En esta línea la jurisprudencia aplica la semieximente cuando ' a la prolongación y consolidación de la drogodependencia..., vaya unida un deterioro importante del psiquismo' ( STS entre otras de STS de 25 de febrero de 1991 ; de 31 de octubre de 1992 ; de 31 de marzo de 1997 ; de 26 de marzo de 1997 ; de 22 de mayo de 1998 ; de 12 de julio de 1998 ; de 16 de junio de 2000 ; de 10 de mayo de 2001 ) y la atenuante analógica 'a los drogadictos que delinquen con sus facultades volitivas aminoradas por la ingestión continuada de las sustancias nocivas a la salud que consumen, sin estar probado que delinquen bajo el síndrome de abstinencia'( STS de 26 de junio de 1985 ; de 15 de enero de 1986 ; de 3 de diciembre de 1988 ; de 20 de septiembre de 1989 ; de 18 de abril de 1990 ; de 11 de octubre de 1991 ; de 14 de julio de 1992 ; de 5 de mayo de 1998 ; de 10 de abril de 2000 )
c) La causa de inimputabilidad prevista en el apartado 2. del artículo 20, que en definitiva regula un supuesto específico de trastorno mental transitorio unicamente será de aplicación en los supuestos en los cuales el sujeto de que se trate haya realizado el hecho( ' en el tiempo de cometer la infracción')en estado de intoxicación plena por el consumo de sustancias toxicas ( esto es, drogado o borracho) , salvo que resulten de aplicación las reglas que disciplinan la 'actio libera in causa'('siempre que no haya sido buscado con el propósito de cometerla o no se hubiese previsto debido prever su comisión')o se hallare bajo el síndrome de abstinencia.
Si la intoxicación fuere plena o la situación de síndrome de abstinencia anulare sus facultades cognoscitivas y/o volitivas concurrirá la eximente completa ( articulo 20.2), la incompleta si fuere semiplena o el menoscabo de las facultades imputable al síndrome fuere grave ( articulo 21.1. en relación con el articulo 20.2) y la atenuante analógica si fuere leve ( artículo 21.6 en relación con el articulo 20.2) tal y como expresan, entre otras, las STS de 22 de mayo de 1998 ; de 12 de julio de 1999 ; y de 10 de mayo de 2001
d) La realización del hecho para procurarse los medios económicos para hacer frente o subvenir a la adicción integrará la atenuante 2ª del articulo 21('actuar a causa de su grave adicción...') , que puede apreciarse en su caso como muy cualificada (articulo 66.4) lo que constituye doctrina reiterada de la Sala Segunda del Tribunal Supremo ( STS de 24 de abril de 1993 ; de 8 de marzo de 1995 ; de 26 de abril de 1999 ; de 17 de septiembre de 2001 ; de 18 de julio de 2002 ; y de 8 de noviembre de 2002 )
2º) A ello hay que añadir que la parte cuando se denegó la prueba, esto es, cuando se dicta el auto de aclaración en la que se le deniega la prueba, no efectúo la oportuna protesta que preceptivamente exige el citado artículo 790.3 de la Lecrim .
TERCERO.- Articulan las representaciones procesales de los acusados el fondo del recurso de apelación que interponen contra la sentencia dictada en la primera instancia esencialmente alrededor de un único y común motivo jurídico: error en la valoración de la prueba en que habría incurrido la Juez a quo y que habría comportado la sentencia condenatoria que pronuncia contra los mismos siendo así que la prueba practicada era insuficiente para fundar la autoría que afirma de los hechos que se les atribuyen vulnerando de este modo el derecho a la presunción de inocencia que constitucionalmente les asiste.

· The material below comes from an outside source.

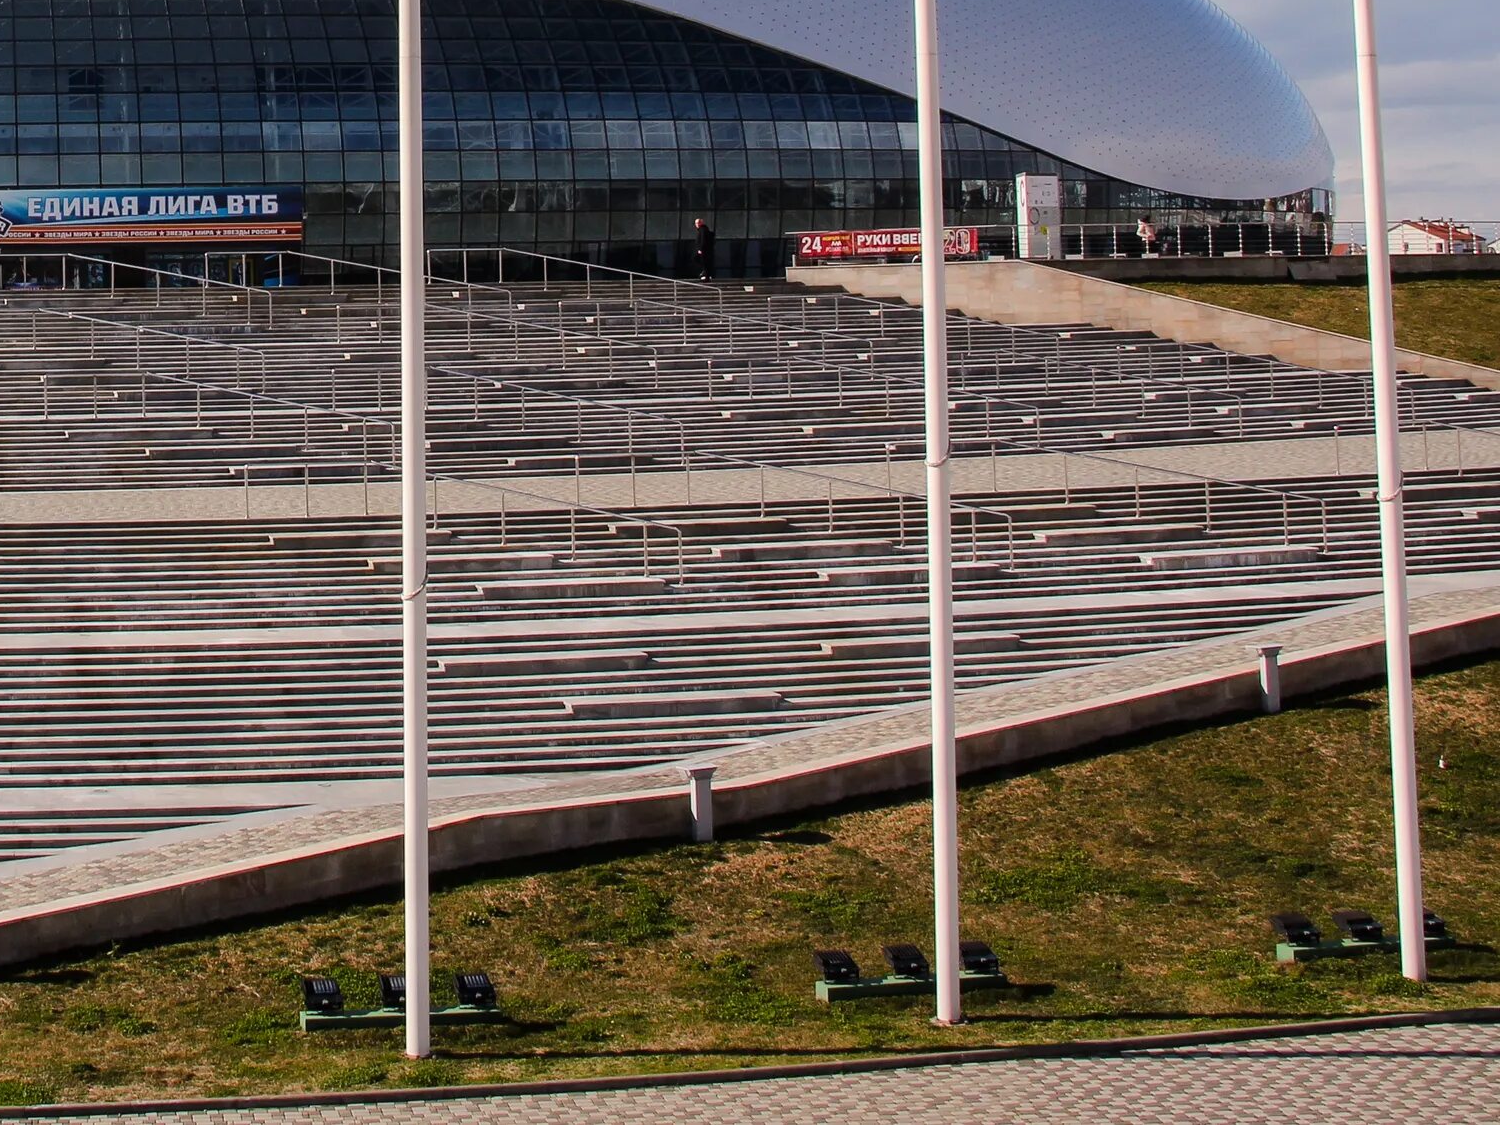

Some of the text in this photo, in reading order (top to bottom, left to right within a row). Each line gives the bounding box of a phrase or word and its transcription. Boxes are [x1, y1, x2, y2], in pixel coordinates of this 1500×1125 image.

A ello suma la representación procesal del acusado Roberto , error en la aplicación del derecho al calificar el hecho como tentativa acabada y por inaplicación de la atenuante de drogadicción y desproporción en el extensión y quantum de la pena impuesta.
Sobre la base de los argumentos jurídicos que exponen en los escritos de formalización de los recursos interesan de este Tribunal la revocación de la sentencia y que se dicte otra de conformidad con sus pretensiones.

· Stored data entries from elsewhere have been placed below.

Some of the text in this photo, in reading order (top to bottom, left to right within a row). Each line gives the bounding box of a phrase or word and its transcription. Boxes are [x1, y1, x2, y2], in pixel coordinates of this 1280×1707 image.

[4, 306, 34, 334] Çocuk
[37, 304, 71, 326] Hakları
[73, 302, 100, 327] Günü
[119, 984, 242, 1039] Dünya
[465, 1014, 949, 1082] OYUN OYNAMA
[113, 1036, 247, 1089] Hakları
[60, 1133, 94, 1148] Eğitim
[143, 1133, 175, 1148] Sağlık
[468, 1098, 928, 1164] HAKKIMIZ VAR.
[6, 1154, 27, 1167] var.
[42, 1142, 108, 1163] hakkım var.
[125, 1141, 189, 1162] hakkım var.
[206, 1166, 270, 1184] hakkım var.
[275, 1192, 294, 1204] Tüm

Los recursos de apelación no deben prosperar en esta alzada por las razones jurídicas que se explicitan en los siguientes Fundamentos de Derecho.
CUARTO.- Articulados los recursos alrededor de un aducido error en la valoración de la prueba que se sustentaría esencialmente en el hecho de que la Juez a quo no valoró la documental aportada en el acto del Juicio y admitida, antes del análisis del fondo del recurso debemos poner de manifiesto que si bien es cierto que el recurso de apelación permite la revisión de la valoración de la prueba efectuada por el Juez a quo, cierto es también que el hecho de que aquella tenga como base las pruebas practicadas a su presencia, garantizados los principios de publicidad, oralidad y contradicción, oídas Acusación y Defensa y las propias manifestaciones del acusado ( artículos 24 de la CE , 741 de la LECRim y 229 de la LOPJ .) comporta que, en principio, aquella valoración deba ser respetada hecha excepción de que carezca de todo apoyo en el conjunto probatorio practicado en el acto solemne del Juicio Oral , lo que no acaece en la sentencia objeto de apelación por lo que a la realidad del hecho y su intervención en el mismo de los acusados se refiere.

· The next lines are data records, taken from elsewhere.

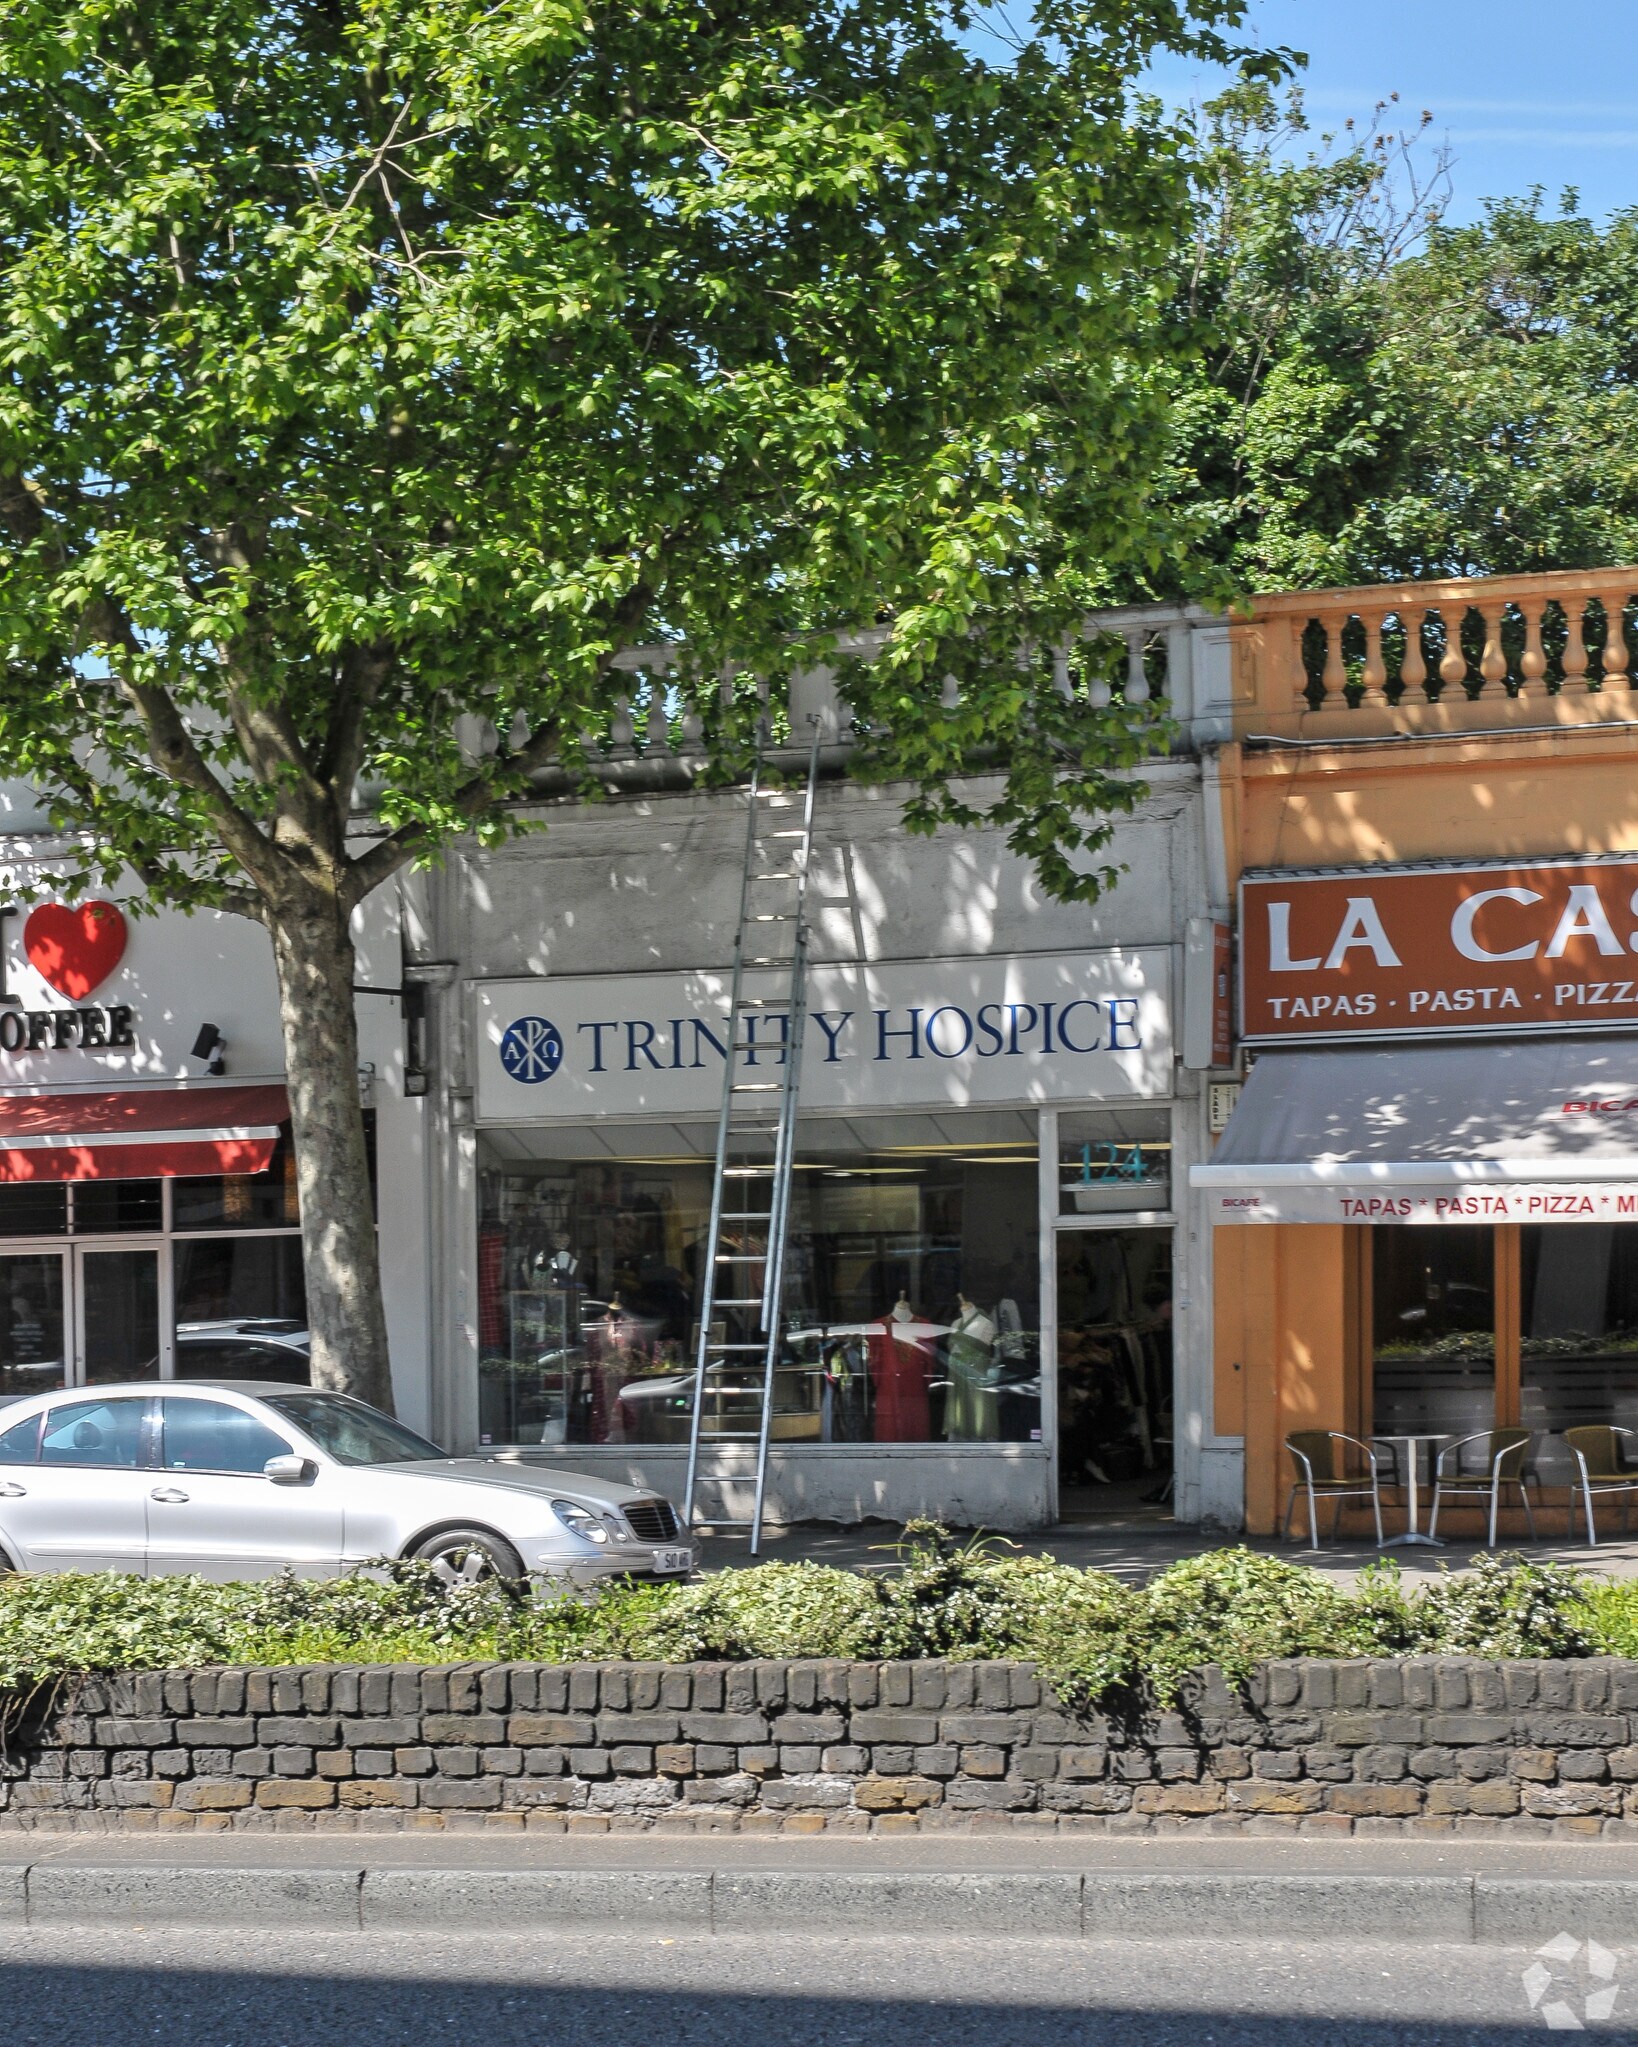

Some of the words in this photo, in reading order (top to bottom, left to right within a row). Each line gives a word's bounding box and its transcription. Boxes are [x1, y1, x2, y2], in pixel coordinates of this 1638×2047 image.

[1266, 896, 1404, 972] LA
[1450, 884, 1638, 962] CA
[1266, 993, 1378, 1019] TAPAS
[1408, 987, 1523, 1013] PASTA
[1554, 981, 1638, 1006] PIZZ
[576, 1011, 856, 1072] TRINITY
[871, 998, 1143, 1061] HOSPICE
[1079, 1140, 1149, 1185] 124
[1340, 1197, 1412, 1217] TAPAS
[1434, 1196, 1509, 1215] PASTA
[1528, 1195, 1595, 1214] PIZZA

En efecto partiendo de las anteriores premisas, basta la lectura de los argumentos expuestos en el recurso en relación con el contenido de la sentencia para observar que el aducido error en la valoración de la prueba, por lo que a la acreditación de los hechos y la autoría se sustenta sobre un único extremo: cuestionar la valoración efectuada por el Juez a quo sobre la base de una distinta, y aunque legítima, parcial, lectura del resultado de la prueba practicada en el Acto del Juicio.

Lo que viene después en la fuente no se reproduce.